I also have trouble recognizing people. I once failed to recognize someone whom I sort of know because her hair was down, instead of its usual ponytail. And sometimes I see someone and recognize them as someone else.

Changing tasks can be difficult. I don't hyperfocus on things, but changing from one task to another without coming to a reasonable stopping point (like the end of a paragraph or a commercial break) can be frustrating.
 
Small talk is really a mystery to me. I don't necessarily dislike, but I'm not happy to find myself in situations I don't understand.
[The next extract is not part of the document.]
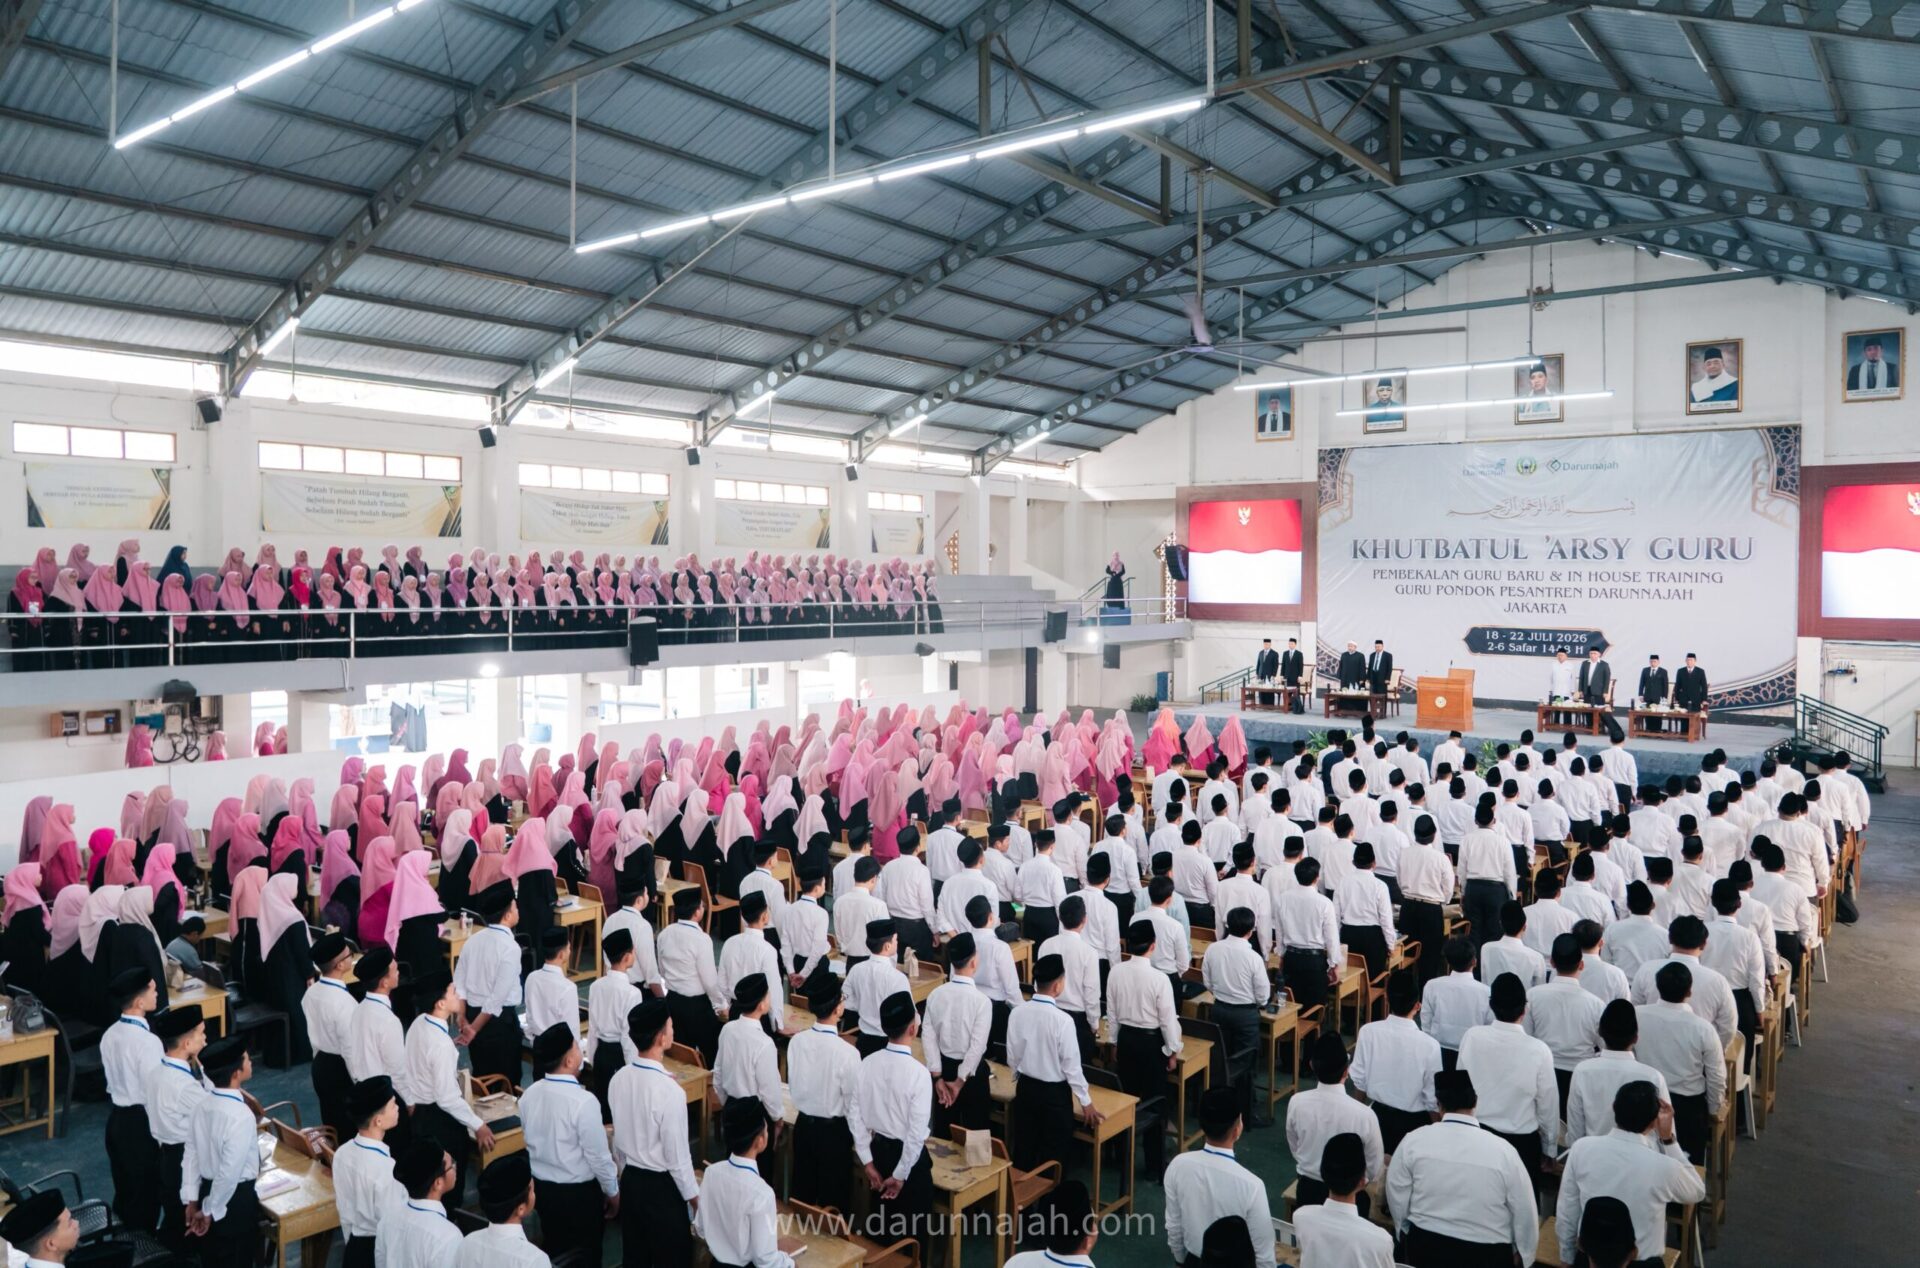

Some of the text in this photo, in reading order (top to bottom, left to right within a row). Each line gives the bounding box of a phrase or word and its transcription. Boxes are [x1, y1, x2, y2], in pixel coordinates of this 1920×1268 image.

Most of what happens here occurs in non-verbal language, what's being said doesn't matter that much, and I'm only barely decent for communication with explicit content.

I understand small talk, but it is a chore to do. I understand why I need to wash dishes, but that's a chore as well.

I find it difficult to get past small talk and polite conversation with people and find I just don't want to engage with those boring people anymore.

Britain sucks for that kind of thing. People keep everyone at arm's length. It's really difficult to break the protective barrier they have.

I find it easier to make friends with people who have moved here from other countries.
 
My big struggle is with social "bridge burning". You know all that talk about how you have to """network""" (I hate this stupid buzzword) to get things, e.g have a good relation to people you work with, worked with, and will work with?

That's a huge one for me. When I'm done with something, I realize there is no point in maintaining a relation with anyone related to that "something".

One of the things that terrify me is a future employer asking my former employers for reference. It's not that I ever treated anyone bad, but I was never warm or said "goodbye" when a job contract was over/when I quit, and in my country being over friendly is a BIG part of social interaction. It worries me the amount of people that hold grudges that could potentially damage me and I don't even know about.